Tout a débuté en avril, lorsque le président a annoncé vouloir introduire une réforme de la sécurité sociale. La hausse des cotisations que cela allait représenter pour la population et la baisse des pensions pour les retraités ont été les gouttes qui ont fait déborder le chaudron de mécontentement jusque là jugulé. Dès les premières manifestations, les forces de l'ordre et des groupes paramilitaires à la solde du régime sandiniste ont pratiqué une féroce répression. Malgré cela, la contestation s'est amplifiée et a gagné tout le pays, même si Daniel Ortega a vite retiré son projet de réforme. Désormais, la rue demande son départ et celui de sa femme du pouvoir. Qu'il occupe depuis 2007. Mais cet ancien guerillero révolutionnaire sandiniste avait déjà été au sommet du pouvoir dans les années 80.

«Nulle forme de soutien au régime actuel»

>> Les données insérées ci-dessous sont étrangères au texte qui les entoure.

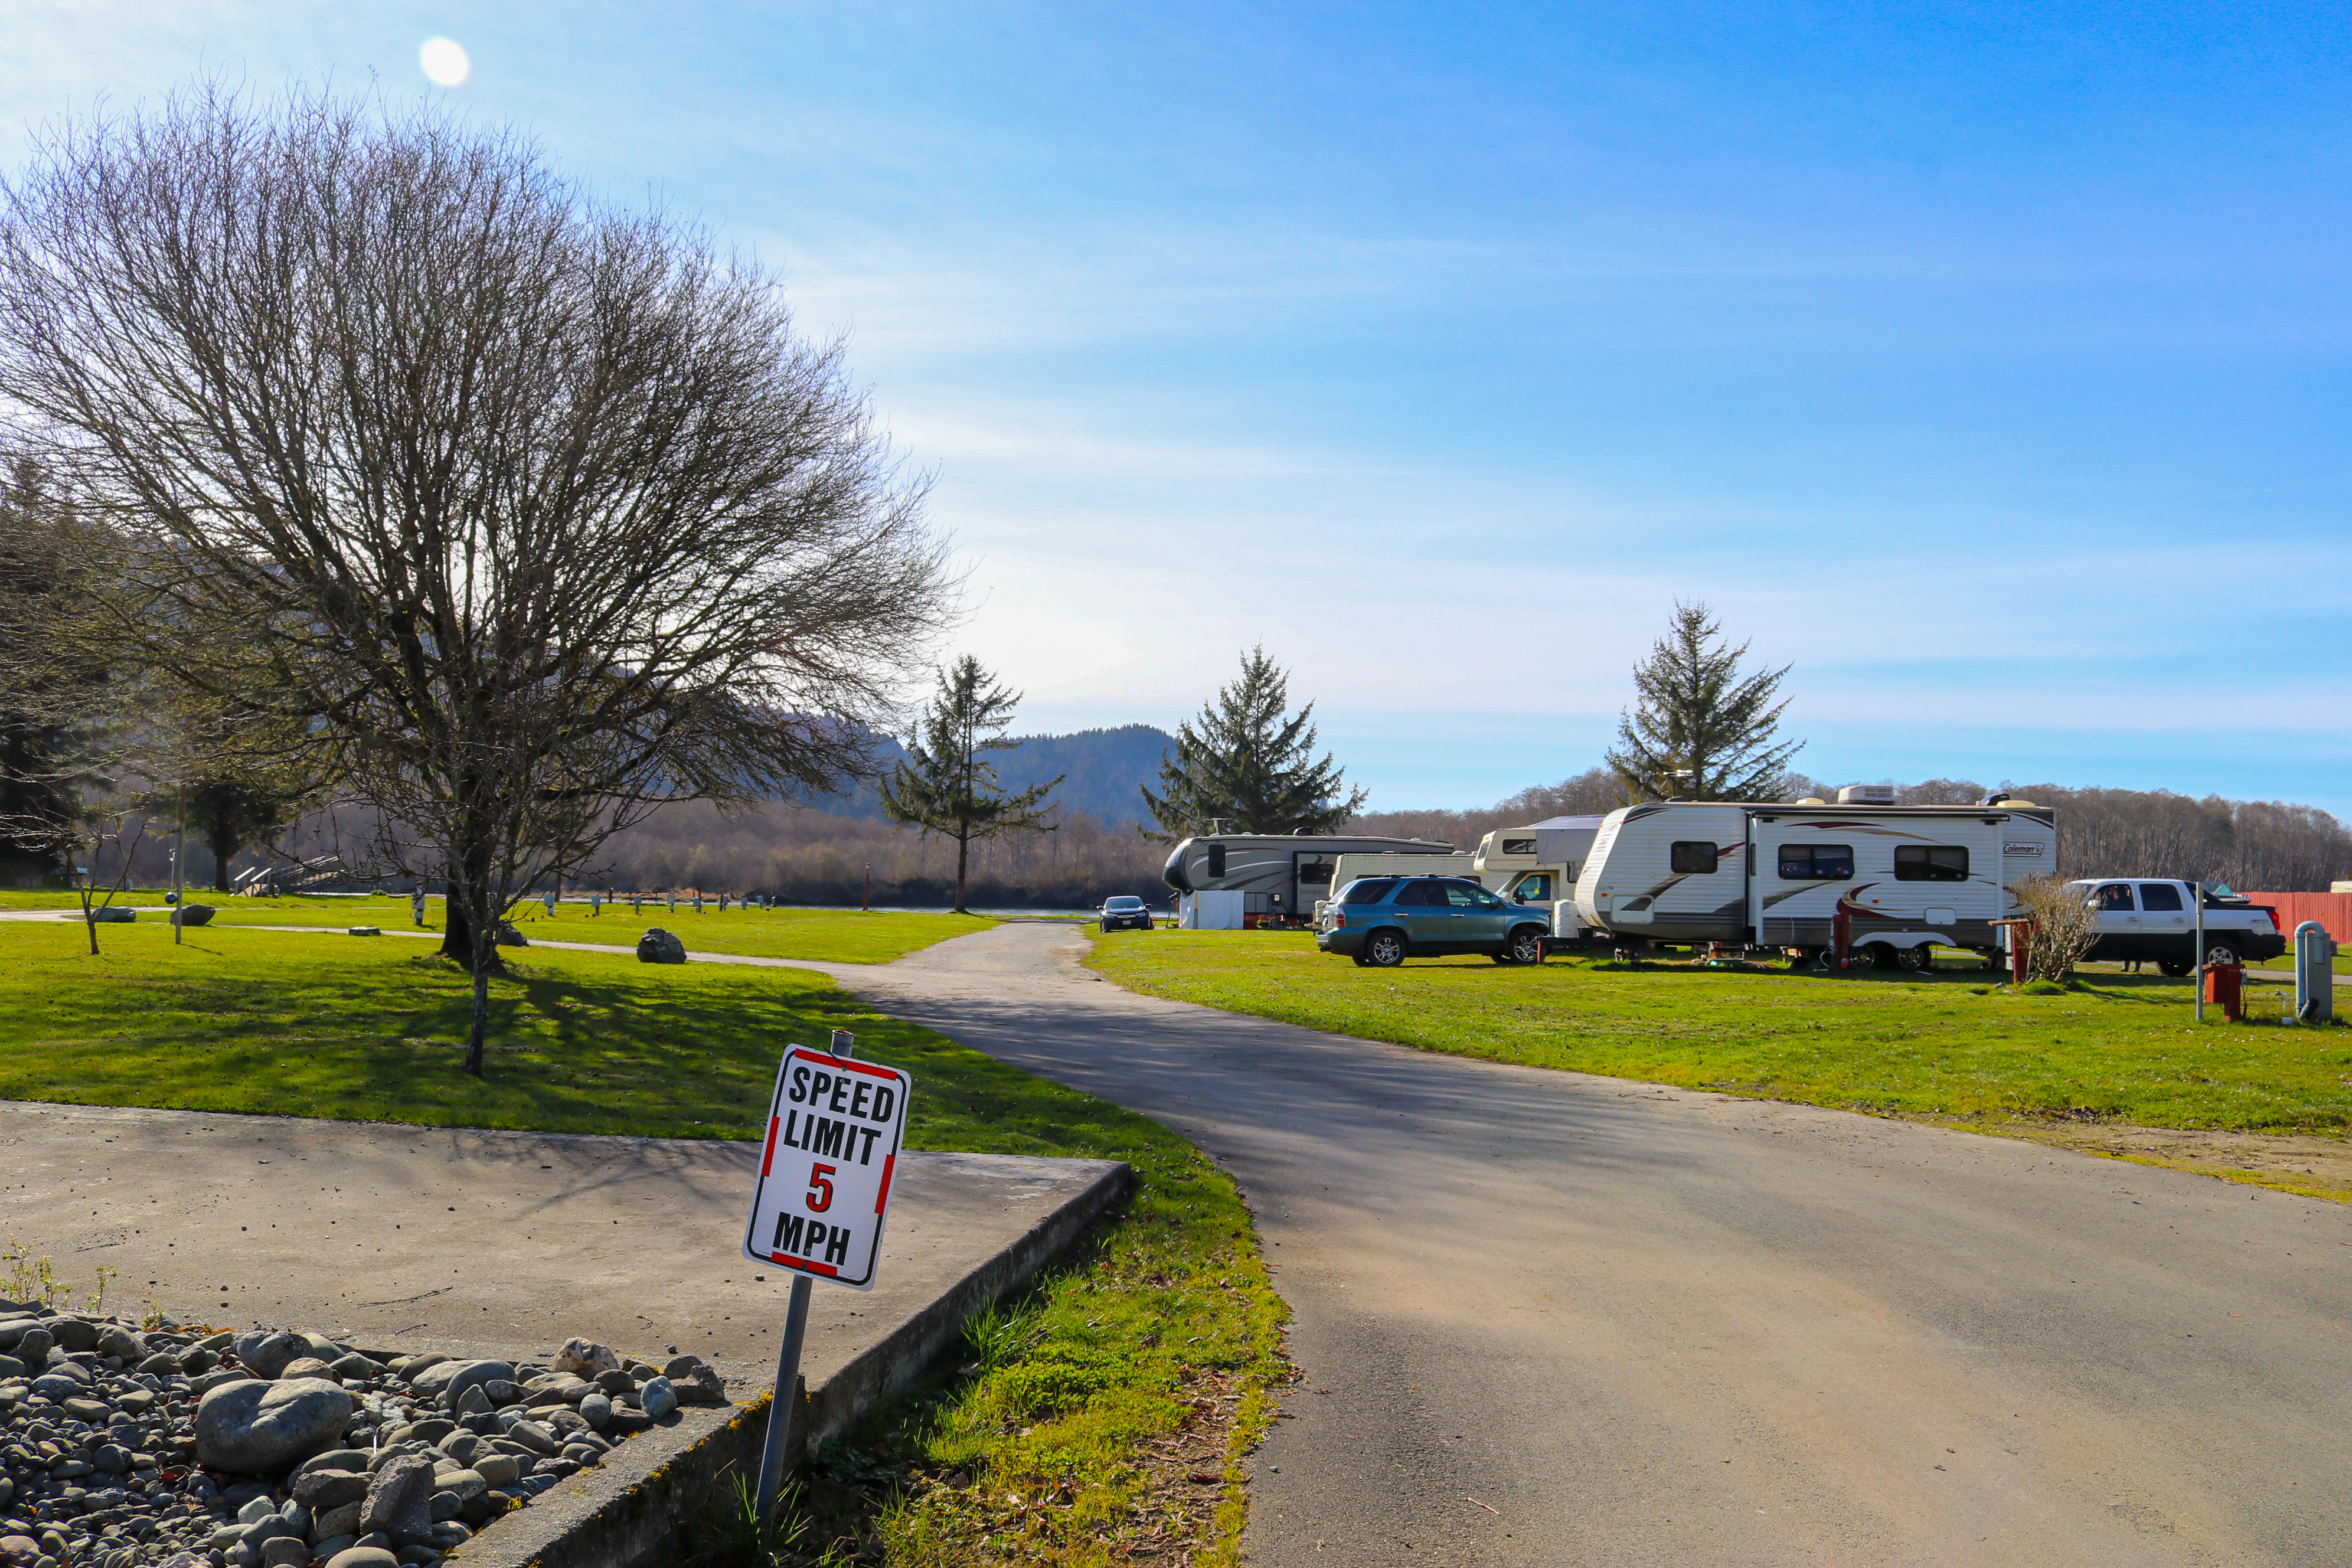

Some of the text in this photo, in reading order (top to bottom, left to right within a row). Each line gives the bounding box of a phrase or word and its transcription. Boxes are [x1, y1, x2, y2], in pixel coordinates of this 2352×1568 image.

[2003, 844, 2034, 852] Coleman
[789, 1066, 894, 1123] SPEED
[783, 1109, 882, 1166] LIMIT
[805, 1162, 837, 1213] 5
[772, 1211, 851, 1266] MPH
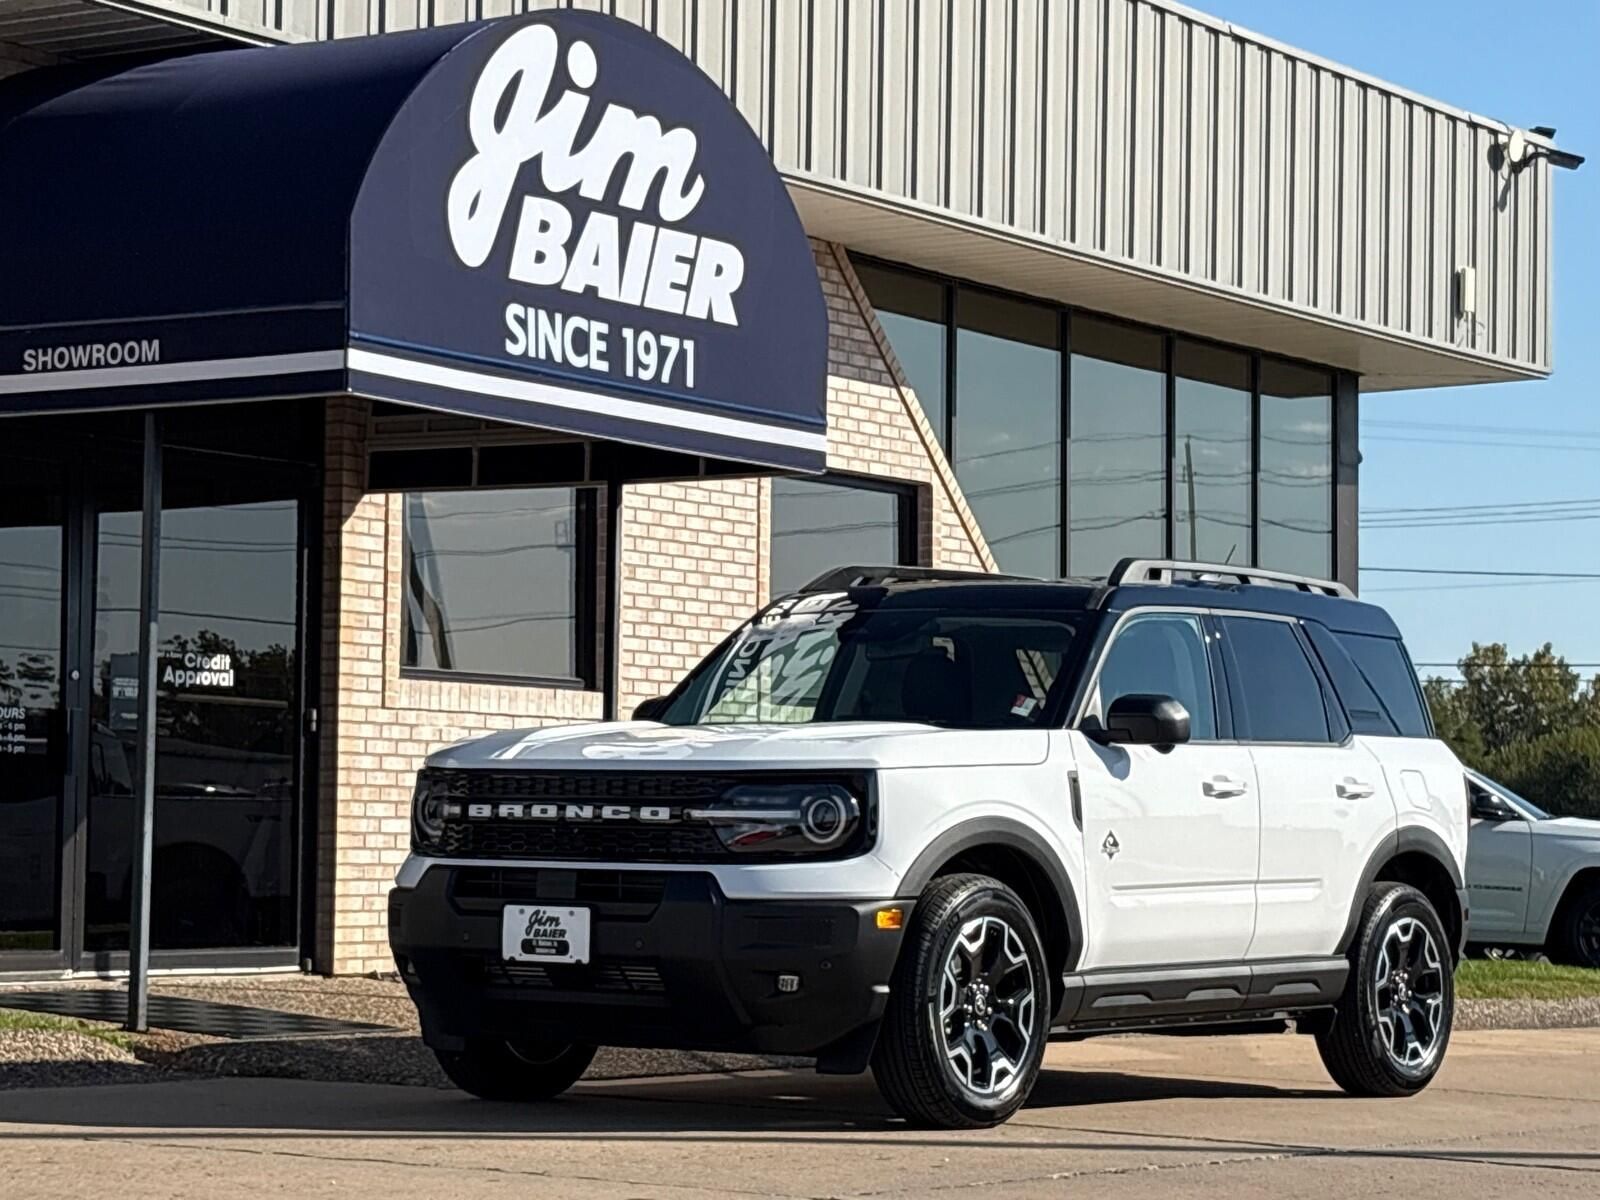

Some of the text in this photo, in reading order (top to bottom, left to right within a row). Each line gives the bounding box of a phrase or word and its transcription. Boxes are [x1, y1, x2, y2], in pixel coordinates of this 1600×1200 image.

Alors pourquoi le célèbre magazine GEO propose actuellement de partir à la découverte de ce certes magnifique pays mais peu propice aux voyageurs ces mois-ci? «Le timing est malheureux, je vous l'accorde, admet d'emblée le rédacteur en chef Eric Meyer. Notre reportage a été effectué en début d'année, soit avant ces terribles événements. Et quand nous avons bouclé l'édition de juillet au mois de mai, des éléments inquiétants étaient déjà apparus, lors des manifestations réprimées violemment.» Eric Meyer assume sa responsabilité dans le choix de publier tout de même le reportage car pour un mensuel comme GEO, il n'avait pas d'autres articles de remplacement. «Mais il ne s'agit nullement d'une forme de soutien de notre part au régime actuel au Nicaragua, souligne-t-il. D'ailleurs on reviendra dans notre prochain numéro sur ces événements afin d'offrir une mise en perspective pour nos lecteurs.»

Eric Meyer précise toutefois que le texte consacré au reportage sur le Nicaragua a été un peu rectifié avant parution afin de tenir compte de l'aggravation des événements sur place début mai. «A l'heure où nous mettons sous presse, 121 personnes sont mortes et la situation reste très chaotique», est-il notamment mentionné dans l'article. Ainsi que les perspectives de renaissance du pays désormais bien ombragées...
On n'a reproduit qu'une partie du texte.